Elle descend l’escalier comme une folle, si vite que le bas de sa robe se gonfle comme un parachute. Elle revient rapidement, chargée de ses achats.
- — Vraiment, cette maison a un charme fou que vous avez su merveilleusement préserver.
- — Peut-être… mais elle n’est vraiment pas pratique ni fonctionnelle, elle est sombre et un peu humide également. Si vous avez envie de faire pipi la nuit, il faut traverser la salle, descendre un demi-étage ; après vous êtes vraiment réveillé.
- — Bah, détails que tout cela. Non seulement vous avez un toit sur la tête, mais en plus c’est un joli toit. Dans votre situation, ce n’est pas si mal, loin de la grande précarité de certains.
- — C’est vrai, mais je ne me plains pas.
- — Oh là là ! Tous ces œufs dans le frigo !
- — Eh oui, trois par jour ça fait beaucoup pour un seul homme. Vous en emporterez une douzaine, si vous voulez.
- — Le monde à l’envers, le demandeur d’emploi qui va nourrir Pôle Emploi ! Mais volontiers… On va voir votre potager ?
Ils descendent la rue jusqu’à celle qui longe la rivière et parcourent environ cinq cents mètres. Là, entre deux maisons, une petite clôture ancienne mais bien restaurée ouvre sur une dizaine de mètres de large. En bas, la rivière et un paysage magnifique sur la vieille ville, le vieux pont, le moulin, le méandre reflétant comme un miroir.
- — Ouah ! Mais ici aussi c’est splendide !
- — Splendide mais pas franchement pratique non plus. La pente est telle que j’ai dû faire des marches et des terrasses. Voyez, terrasse d’un mètre de large, soixante-dix centimètres à cultiver et trente en allée. Ça fait deux rangs de légumes par niveau que je cultive depuis le niveau inférieur, comme ça je me baisse moins.
- — Très astucieux ! Mais vous avez plein de légumes… !
- — Oui, comme ça n’a pas été cultivé depuis des décennies, la terre est reposée. Et puis l’eau est à disposition, il suffit de monter les arrosoirs.
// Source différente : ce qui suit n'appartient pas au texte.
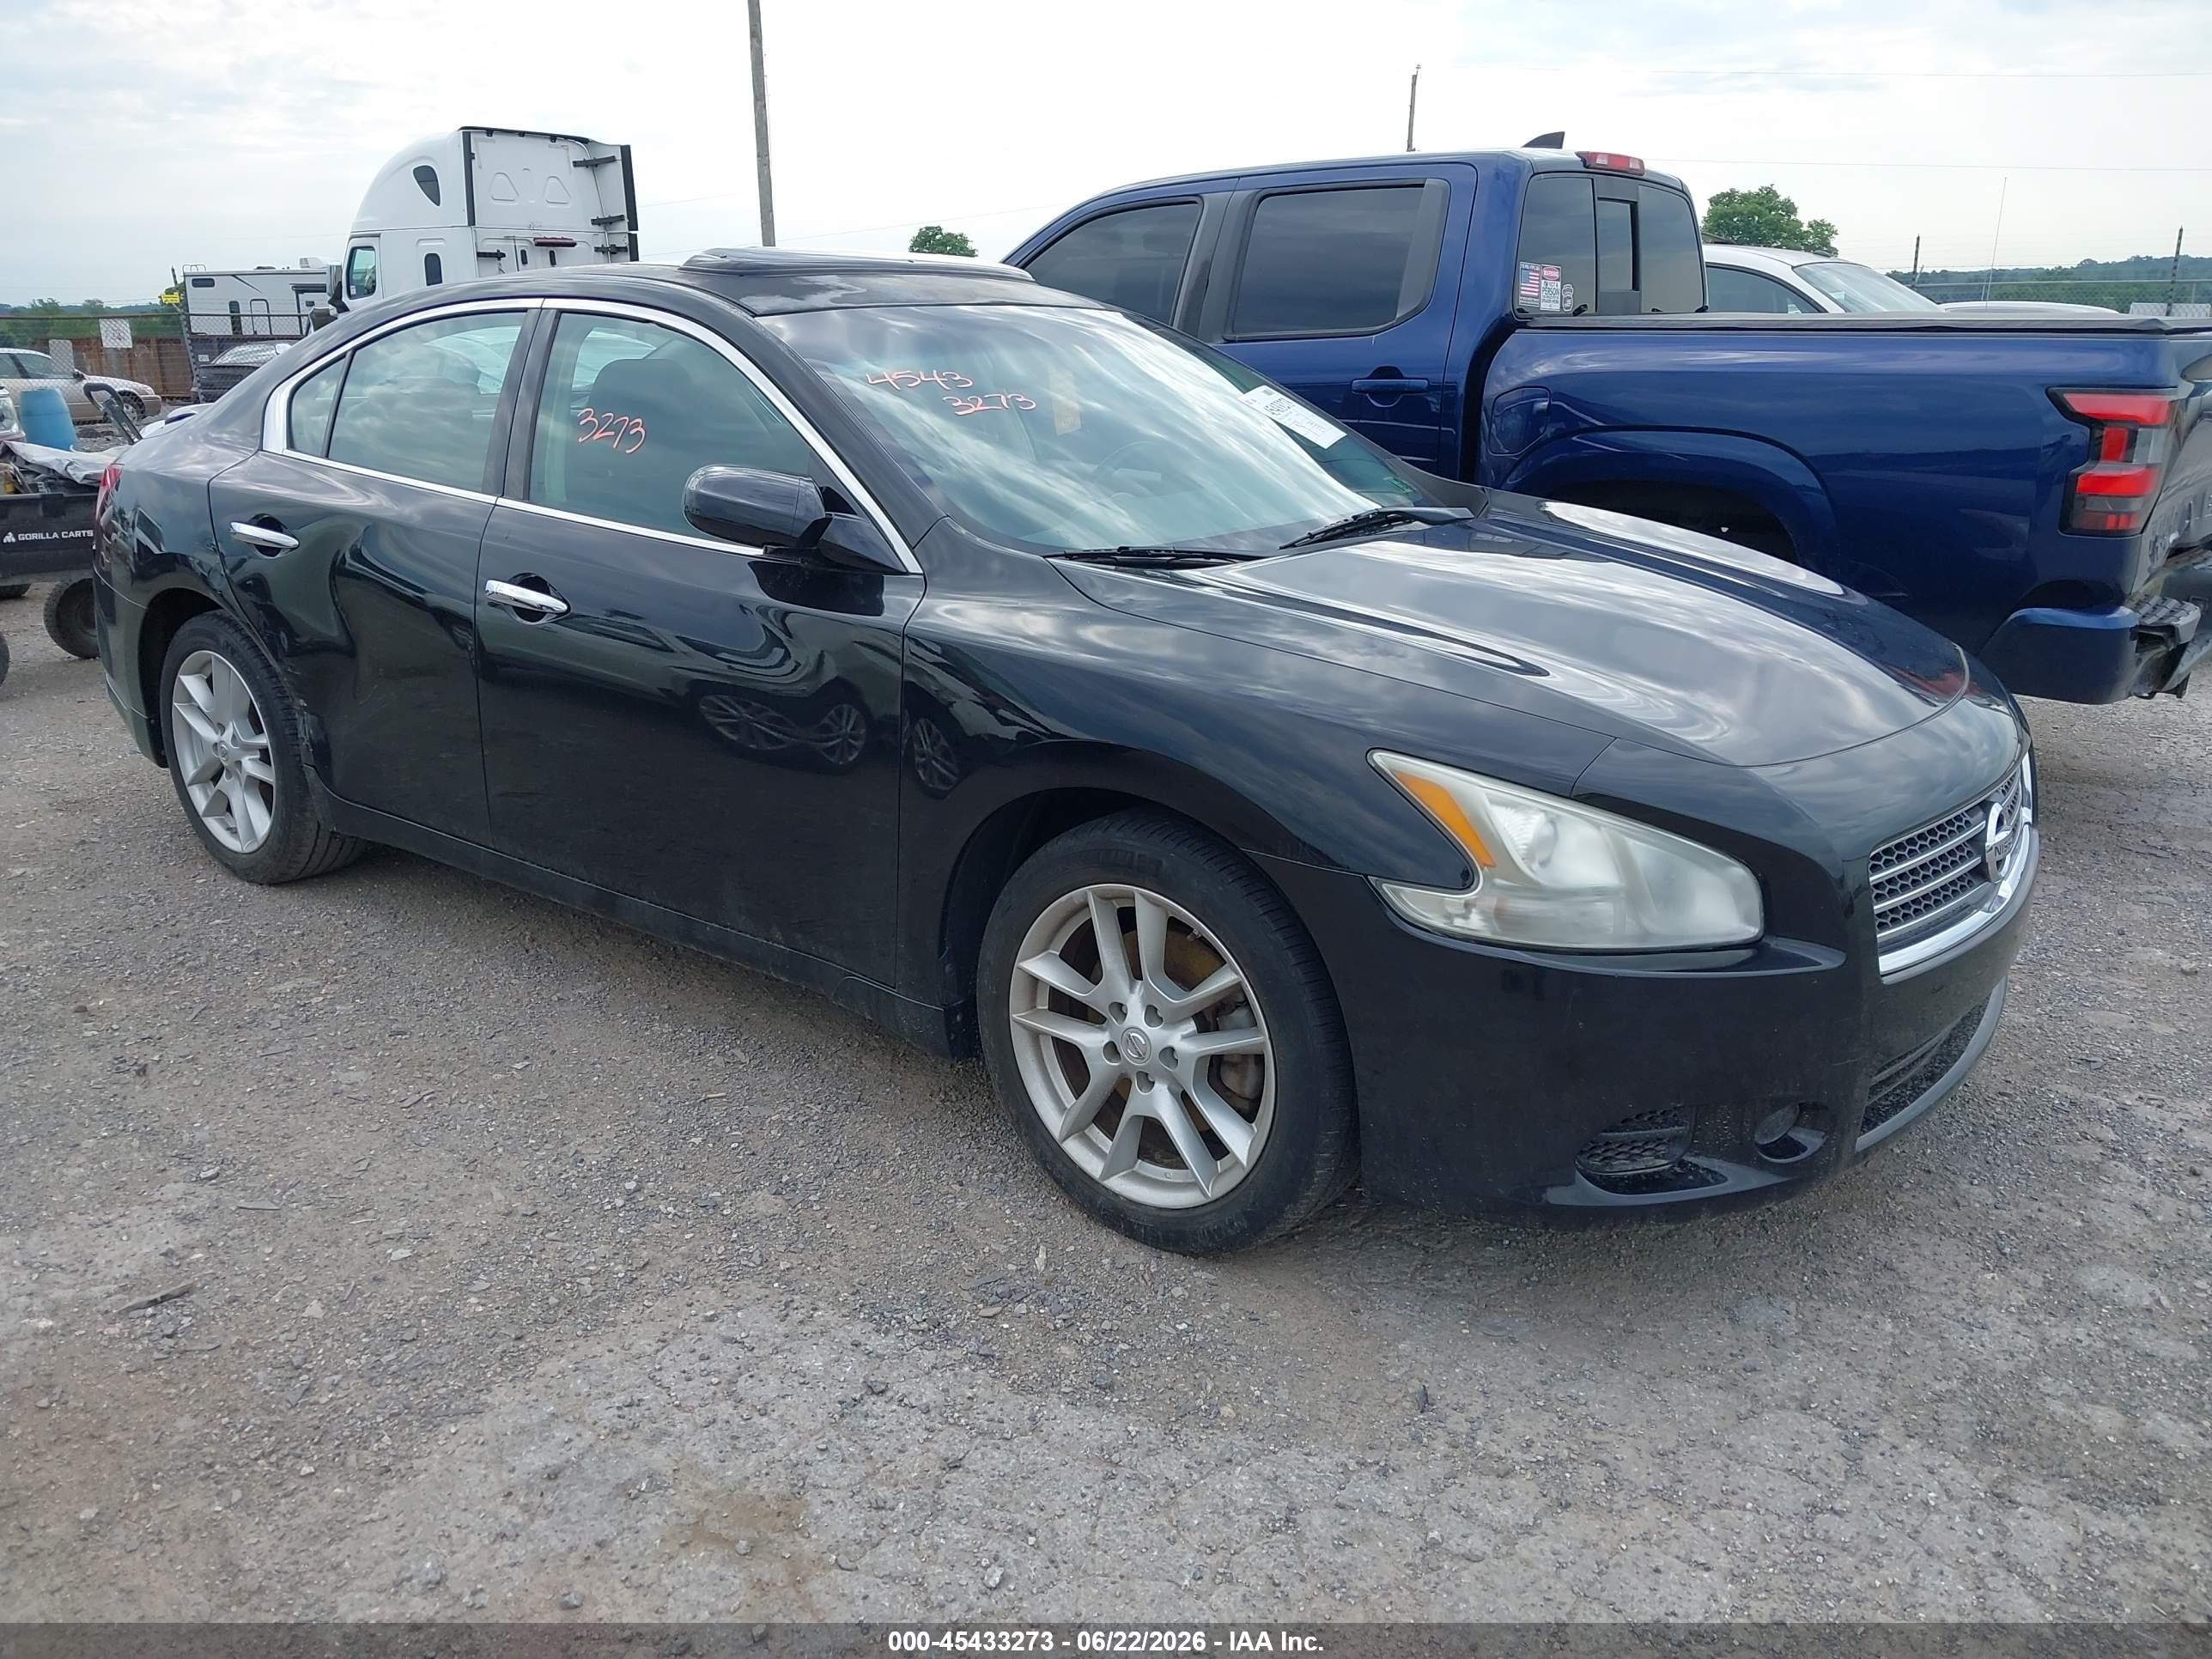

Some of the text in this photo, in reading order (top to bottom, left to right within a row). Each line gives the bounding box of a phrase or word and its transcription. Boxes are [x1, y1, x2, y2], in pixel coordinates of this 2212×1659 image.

[866, 369, 974, 391] 4543
[942, 393, 1037, 416] 3273
[576, 407, 646, 454] 3273
[17, 530, 94, 541] GORILLA CARTS
- — Et les cocottes sont là. Superbes !
Elle remporte même une petite provision de légumes frais et un gros bouquet de plantes aromatiques. Quand ils rentrent, le rosé est frais, ils en boivent le premier verre sur le petit balcon. La bonne odeur de la pizza envahit la pièce, Jérôme place une grosse bougie sur la table, elle allume des lueurs intenses dans les grands yeux vert foncé de Sandra. La main de la jeune femme s’avance sur la table, bientôt recouverte par celle de l’homme. Ils continuent de manger leurs parts de pizza de l’autre main, en mordant à belles dents tout en se dévorant des yeux. Et puis leurs lèvres se rejoignent.
- — Je…
- — Je voulais… non, pardon, allez-y.
- — Non, vous, continuez…
- — Je voulais vous dire par avance que… je crains de ne pas être à la hauteur, depuis le temps…
- — Ha ha ! J’allais vous dire la même chose, qu’il faudrait me pardonner. J’ai peur que mon vagin soit aussi sec que mon cœur…
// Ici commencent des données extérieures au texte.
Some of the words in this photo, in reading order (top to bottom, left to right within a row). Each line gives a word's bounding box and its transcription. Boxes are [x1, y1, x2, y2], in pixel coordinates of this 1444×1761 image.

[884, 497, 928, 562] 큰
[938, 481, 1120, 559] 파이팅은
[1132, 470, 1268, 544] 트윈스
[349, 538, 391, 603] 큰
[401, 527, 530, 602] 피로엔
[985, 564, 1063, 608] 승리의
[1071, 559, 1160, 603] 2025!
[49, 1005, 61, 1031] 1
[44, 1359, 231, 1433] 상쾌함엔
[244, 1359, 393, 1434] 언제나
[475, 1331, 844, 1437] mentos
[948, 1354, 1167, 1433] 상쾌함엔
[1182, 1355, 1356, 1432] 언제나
- — Le trac, comme un ado pour son premier rendez-vous… Peur que ma mécanique soit « rouillée », ou qu’au contraire j’éjacule tout de suite.
- — C’est bien… je ne voudrais pas que ce soit autrement… pas de fanfaronnade, beaucoup d’humilité, de timidité, d’anxiété… c’est sain, c’est vrai, sans tricherie.
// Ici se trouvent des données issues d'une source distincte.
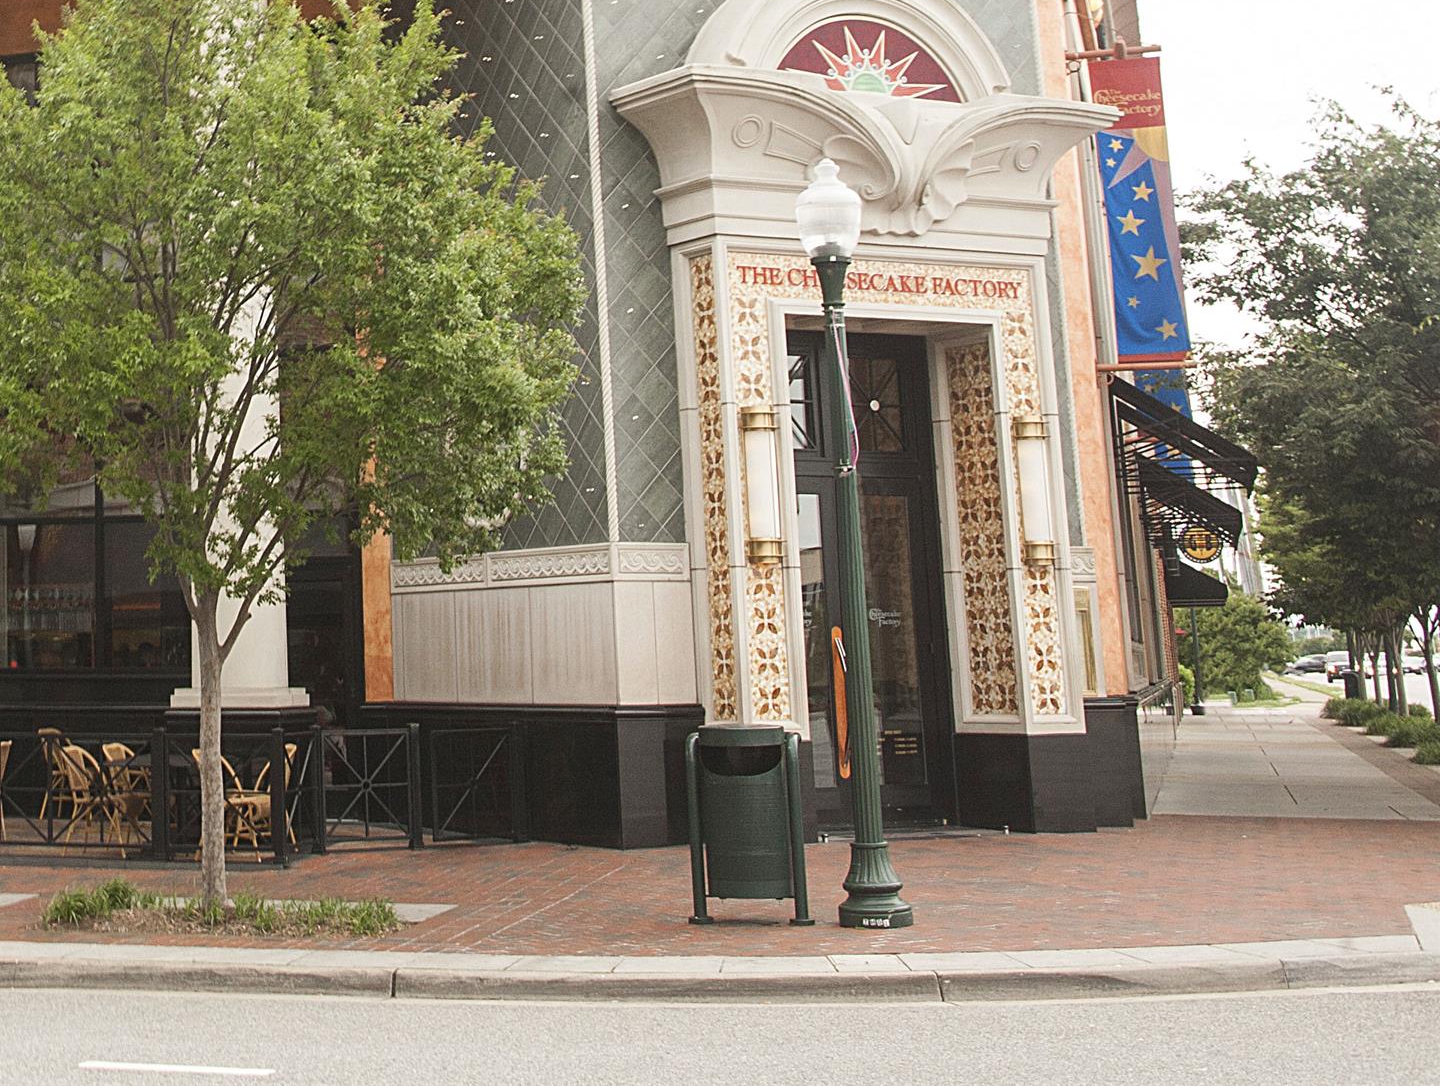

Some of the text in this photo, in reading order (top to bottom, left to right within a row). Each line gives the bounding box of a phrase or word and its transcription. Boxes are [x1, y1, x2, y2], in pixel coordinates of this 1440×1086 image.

[1106, 100, 1162, 117] actory
[736, 265, 1023, 300] THE CHSECAKE FACTORY
Elle lui donne tout ce qu’une femme peut donner à un homme.
Il lui donne tout ce qu’un homme peut donner à une femme.
Ils se réveillent avec les premiers rayons du soleil, elle est éclatante de blondeur et de bonheur. Elle grimpe sur sa poitrine amoureusement.
- — Alors Monsieur ? Rassuré d’avoir assuré comme un dieu ?
- — C’était le minimum, avec une déesse…
- — Hum !… Qu’est-ce que ça fait du bien ! Je me sens femme de nouveau ! Mais dis, ton lit est super confortable, c’est quelle marque ?
- — C’est du Rezzin. Trois sommiers et deux matelas récupérés, démontés, laine lavée, remontés, recousus, un mois de travail.
- — Noonnn…
Elle se penche pour regarder sous le lit, il admire l’ovale parfait de ses fesses ainsi exhibées, les prend dans ses mains et fourre son nez dans la profonde vallée après s’être exclamé :
- — Ton cul est tout simplement magnifique !
Elle se rétablit sur le lit, postérieur toujours offert à la gourmandise de son amant.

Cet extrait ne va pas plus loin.